Imagine that you are Donald Trump Jr. Your father has just clinched the Republican nomination for president. An acquaintance, someone you know from the Miss Universe pageant in Moscow, calls asking to set up a meeting with a Russian who, he says, has information helpful to the campaign — i.e., dirt on Hillary Clinton. Do you:
a) Worry that this doesn’t sound completely kosher and ask for a bit more information — for example, who is this person?
b) Worry that this doesn’t sound completely kosher and call the campaign lawyer to figure out how to proceed?
c) Invite the unknown Russian to come to Trump Tower and ask campaign chairman Paul Manafort and your brother-in-law, Jared Kushner, to sit in?
The right answers, for anyone who has been around politics and political campaigns, are a) or b). Trump Jr.’s answer, we now know — after his first, incredible-on-its-face explanation that in the midst of a presidential campaign the top brass paused for a meeting “primarily” about adoption of Russian children — was c): Come on down!

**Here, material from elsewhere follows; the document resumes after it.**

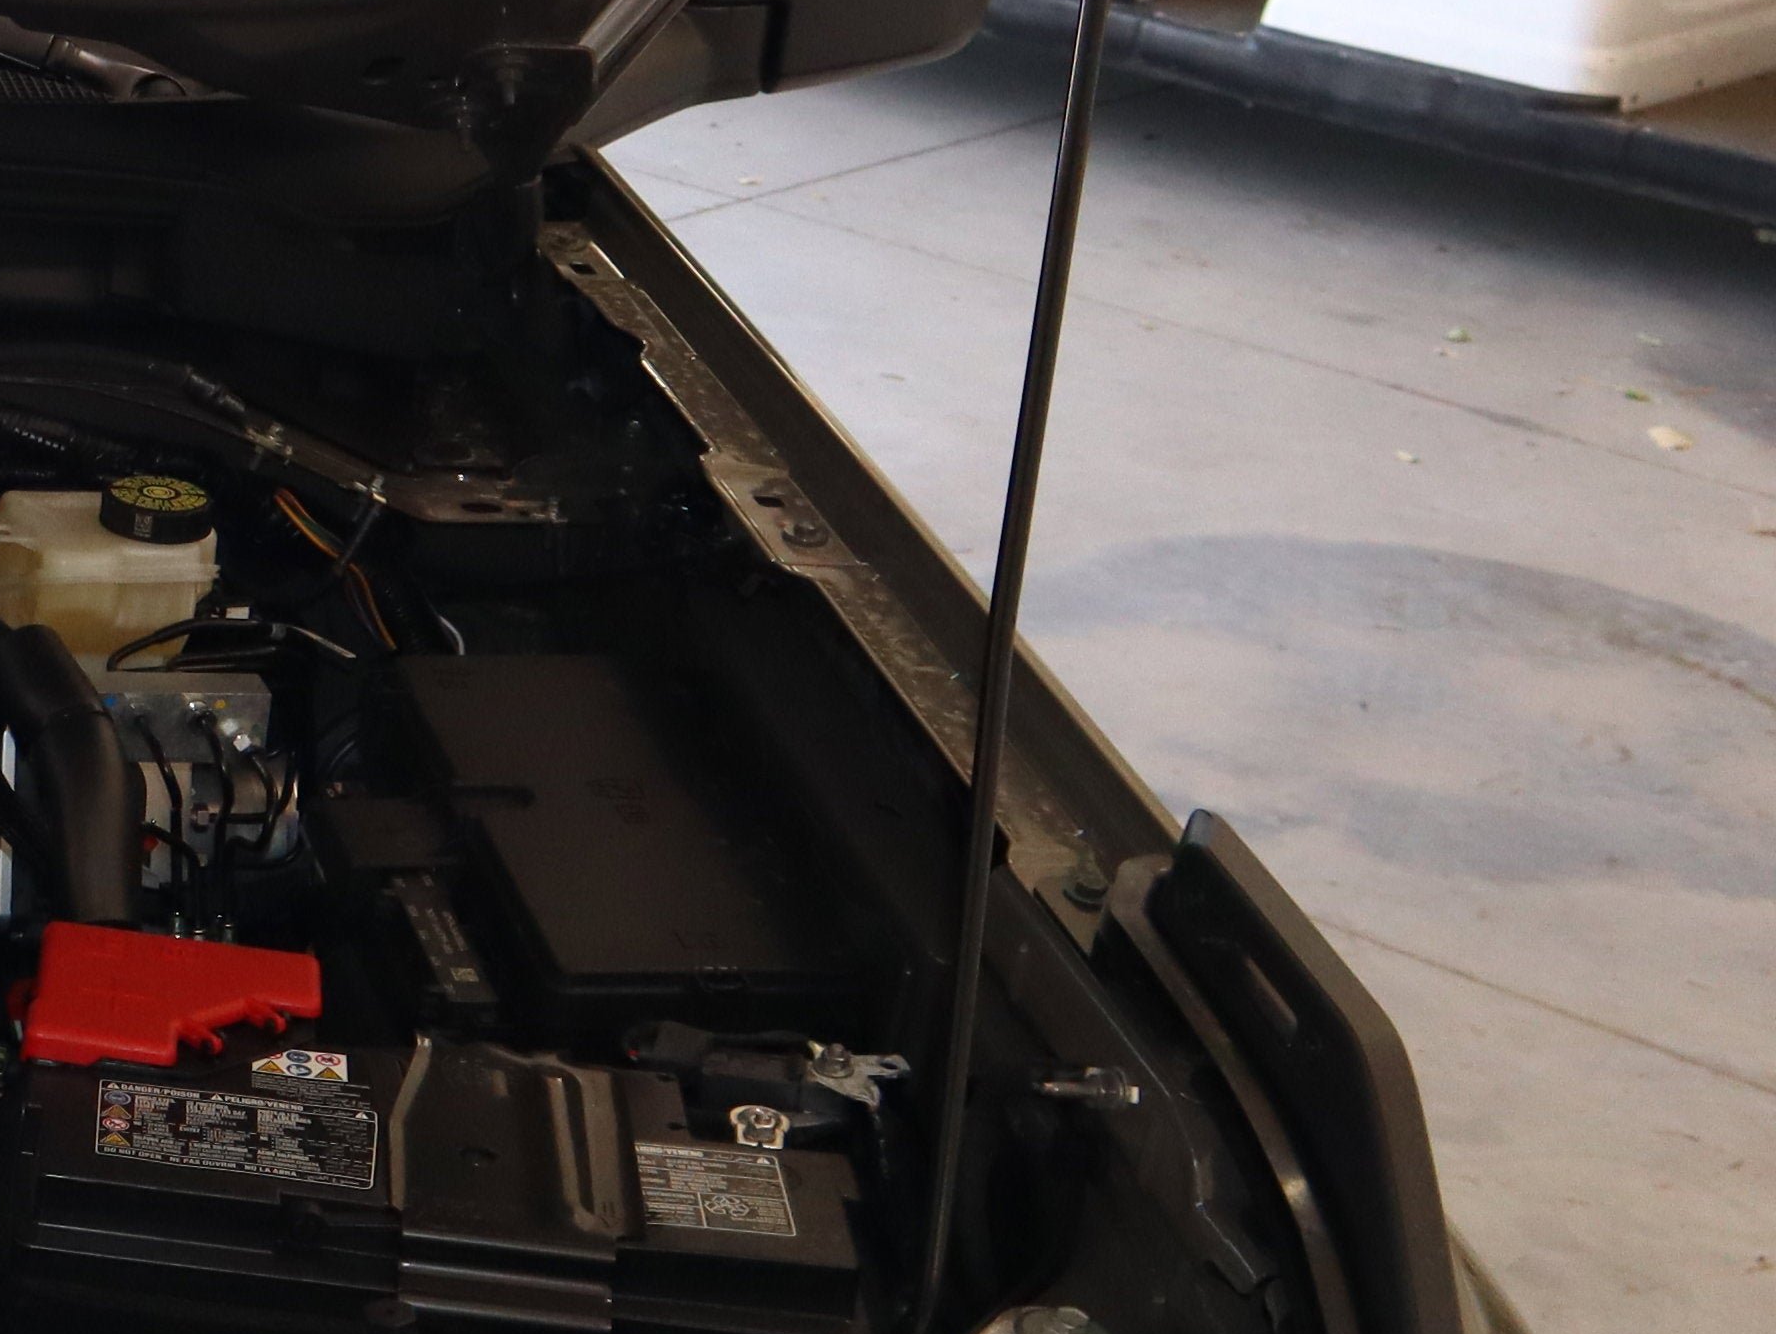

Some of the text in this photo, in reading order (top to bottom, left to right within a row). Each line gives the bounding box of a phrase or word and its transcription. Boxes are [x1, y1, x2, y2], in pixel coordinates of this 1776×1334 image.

[121, 1083, 200, 1099] DANGER/POISON
[118, 1148, 136, 1156] NOT
[138, 1151, 162, 1160] OPEN

Why is this the wrong answer? As a practical matter, because you always want to be careful about dealing with political dirt: It can rub off on you. Recall that in the 1988 presidential campaign, two top aides to Michael Dukakis resigned over the leaking of a videotape that helped bring down rival Joe Biden over a cribbed stump speech.
As a practical matter, because you always want to be careful about mixing foreigners and political campaigns. This was, granted, before the WikiLeaked documents surfaced and, along with them, increasingly alarming (that is, increasingly alarming if your last name isn’t Trump) reports of Russian involvement in the election.
But still, warning bells should have been ringing. Recall the front-page headlines and months of investigations over money from Chinese nationals that ended up in the coffers of the Democratic National Committee. Granted, Trump Jr.’s second statement does not specifically state that he knew in advance that the mystery guest at the meeting — Natalia Veselnitskaya, a lawyer with close ties to the Kremlin — would be Russian. But that seems a fair presumption given that Trump Jr.’s relationship with the intermediary stemmed from their dealings in Russia.
And here’s why that’s not just a political problem but a potential legal one. As Democratic election law expert and former Obama White House counsel Bob Bauer has noted, federal election law prohibits soliciting or accepting “anything of value … in connection with” an election from a foreign national. Bauer raised this issue in connection with Donald Trump’s public solicitation of and cheering for Russian assistance on WikiLeaks and Clinton’s emails.
The admission of direct contact on a campaign issue takes that analysis a significant step further. Would damaging information about Clinton be something of value to the Trump campaign? Sounds like it to me.
Trump Jr.’s false and misleading statements on his involvement with Russians add to the argument that this is a man behaving as if he had something to hide. Asked by the New York Times in March whether he had ever discussed “government policies related to Russia,” Trump Jr. replied, “a hundred percent no.” Then, confronted by the Times about the Veselnitskaya meeting, he first said the participants “primarily discussed a program about the adoption of Russian children,” before acknowledging, the next day, that in fact it concerned opposition research on Clinton.
Trump Jr. asserted in a tweet Monday that there was “no inconsistency in statements, meeting ended up being primarily about adoptions. In response to further Q’s I simply provided more details.” Right, he was just being helpful in omitting that pesky and barely relevant Clinton part. Happy to clarify.
This is a serious and, for the president and those around him, potentially perilous development.